Le job des planneurs, explique** Marie-Anne Dujarier, est de "diffuser" ces "dispositifs" définis sur ordinateur par algorithme : ce qui implique, disent-ils eux-mêmes, un "sale boulot" envers les salariés. 

Quant à ce que produit la grande entreprise (biens ou services), c'est destiné aux masses : et "la massification induit la standardisation. Plus c'est gros, plus on instaure des produits et des services typiques, avec des manières typiques d'y arriver. Cela implique un conflit permanent avec la situation réelle, toujours singulière..."  Faire la guerre aux réalités est un point commun entre ce qui se passe dans l'économie et ce qui se passe dans la politique : les deux processus ont en effet une même origine, le sans-limites, norme fondamentale du libéralisme. 

L'impact de ce "management désincarné" sur le travail humain, c'est de lui faire perdre son sens et de le rendre invivable. Le salarié "ne travaille plus que pour les chiffres". La qualité de son travail en souffre. La satisfaction du client aussi. Les planneurs ont pour compétence l'algorithme et le paramétrage selon les techniques de rentabilisation à la mode : pour ce genre de poste, explique la sociologue, "l'inexpérience des dimensions matérielles, sociales et existentielles du travail devient une compétence". Les planneurs imposent des "dispositifs" ; ce sont des logiciels avec lesquels on ne peut pas négocier. Ils encadrent tout "et vous disent quoi faire, comment faire... Vous êtes alors dans un rapport social sans relation, caractéristique du management par les dispositifs".

Autre remarque intéressante de la sociologue : l'esprit de ce système est le TINA (There Is No Alternative) de Margaret Thatcher. Même si un planneur constate les nuisances sociales ou environnementales de ce qu'il contribue à faire produire, la structure est plus forte que lui et il fera son métier. Pire : il le fera avec zèle. "Les planneurs sont fiers de travailler beaucoup : il s'agit d'une norme professionnelle revendiquée. Ils s'en expliquent en disant qu'ils sont 'pris au jeu'. Ils suggèrent alors qu'ils ont un rapport ludique à leur travail... Modéliser des flux, écrire des procédures logiques, dessiner des démarches exhaustives ou combiner des concepts sur fond d'urgence, s'apparente aux jeux de logique (échecs, dames, Rubik's Cube, citent-ils par exemple)..." Ils vivent leur job, non comme un tout ayant un sens, mais comme "une succession de parties" réussies ou ratées. Vivant ainsi dans le technique et le discontinu, ils ne se posent pas la question du sens.

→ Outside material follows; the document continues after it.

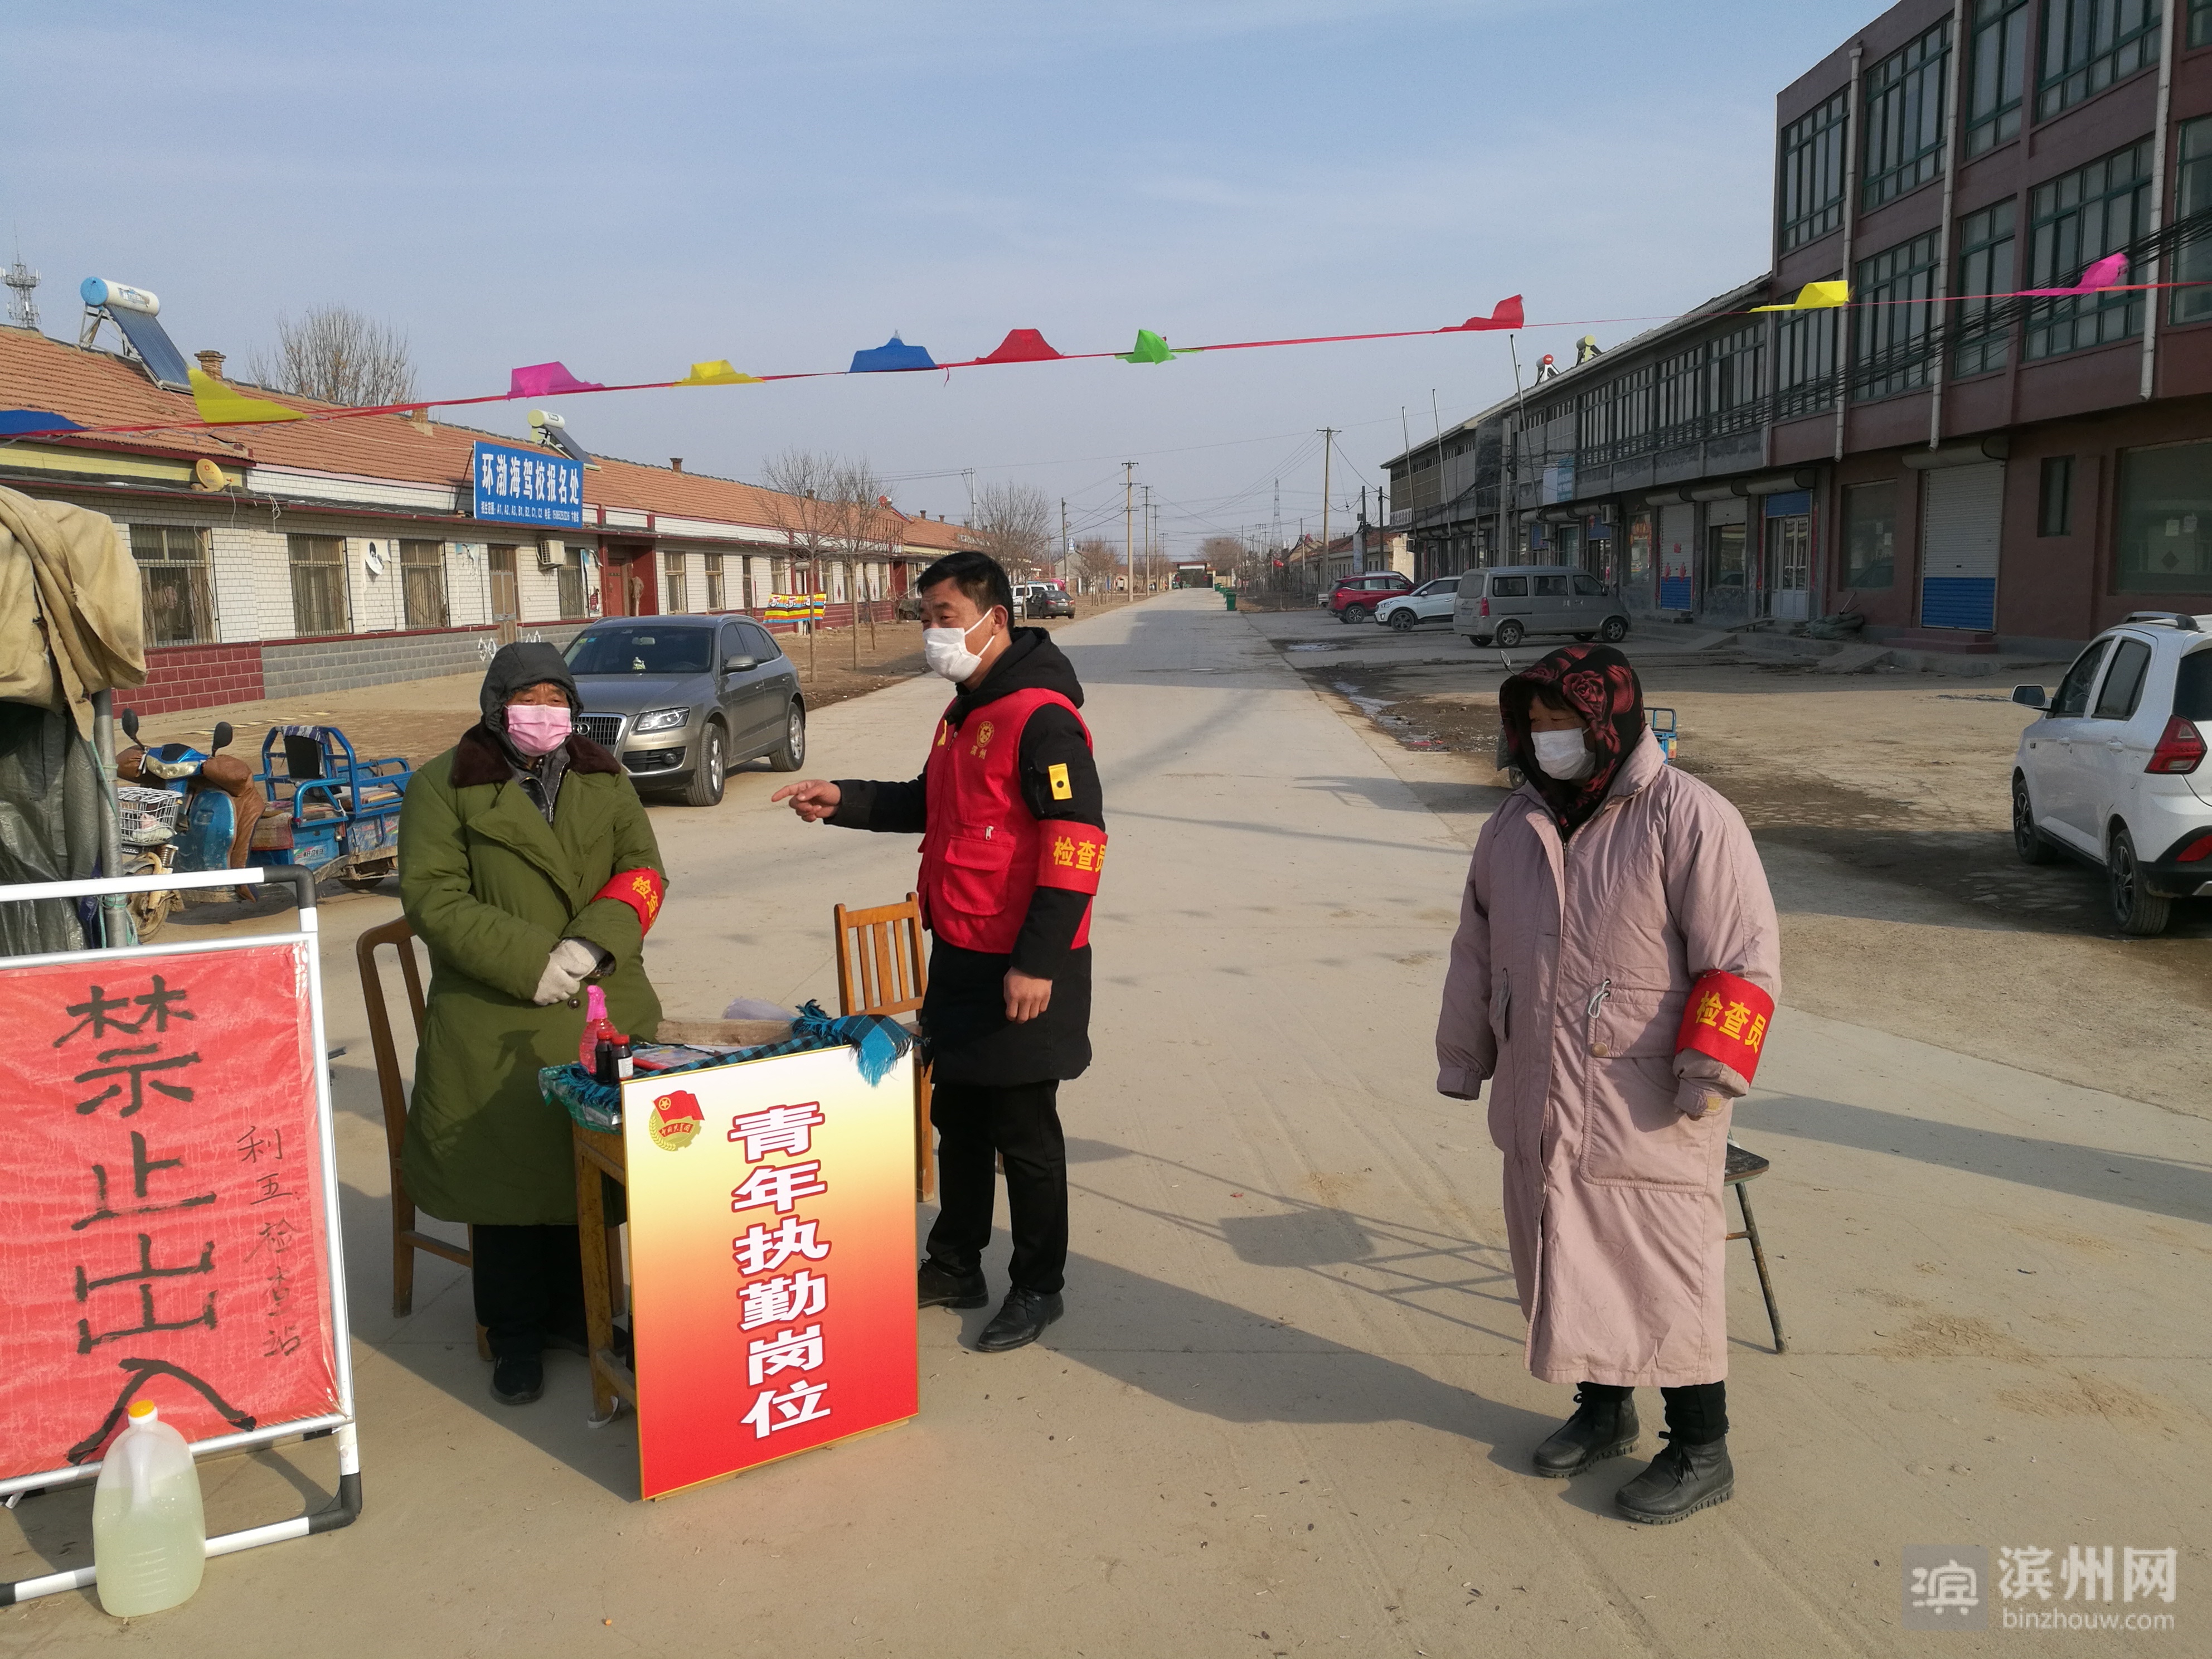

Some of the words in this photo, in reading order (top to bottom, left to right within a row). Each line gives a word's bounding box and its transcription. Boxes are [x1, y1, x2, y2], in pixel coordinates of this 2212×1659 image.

Et l'idée ne les effleure pas de voir l'entreprise comme une communauté de travail. Au contraire (et je suggère à mon ami Koz d'examiner cet aspect du problème, en relation avec l'uberisation) : "les planneurs vivent dans une logique concurrentielle : il faut 'battre' des scores contre soi-même et contre les autres, compétition vécue comme un jeu au sein d'un espace social restreint." Et "qu'ils perdent ou qu'ils gagnent, les conséquences sont minimes sur leur carrière et leur existence" : ce sont des nomades professionnels, attachés à aucune entreprise en particulier. Et l'entreprise uberisée ne veut surtout s'attacher personne, puisque l'externalisation, le turn-over et l'éphémère sont la norme du capitalisme tardif.*** 

Ici je m'adresse aux catholiques français soucieux des "problèmes de société". Nous devons impérativement ouvrir les yeux sur ce que devient la vie économique réelle, et cesser de nous bercer de la rengaine de "l'éthique en entreprise" : car la notion d'entreprise est vouée à se dissoudre, sous l'impact des nouvelles normes managériales (produites par la financiarisation de l'économie) ; et les fameuses relations humaines (à quoi se réduit le devoir chrétien selon les catholiques libéraux) se dissolvent, sous l'effet des "rapports sociaux sans relation" installés par les dispositifs que décrit Marie-Anne Dujarier. Cette double dissolution nous oblige à faire face à un système déshumanisant, à l'analyser, et à constater qu'il est le stade suprême du libéralisme économique que la bourgeoisie catholique prenait pour l'ordre naturel. Il va falloir lire avec attention Laudato si, et Evangelii Gaudium, et Caritas in Veritate, et Centesimus Annus : tous les papes nous ont avertis et mis en garde, tous nous ont appelés à ouvrir les yeux sur ce système et sa "culture de mort" déshumanisante. Pourquoi sommes-nous restés sourds si longtemps ?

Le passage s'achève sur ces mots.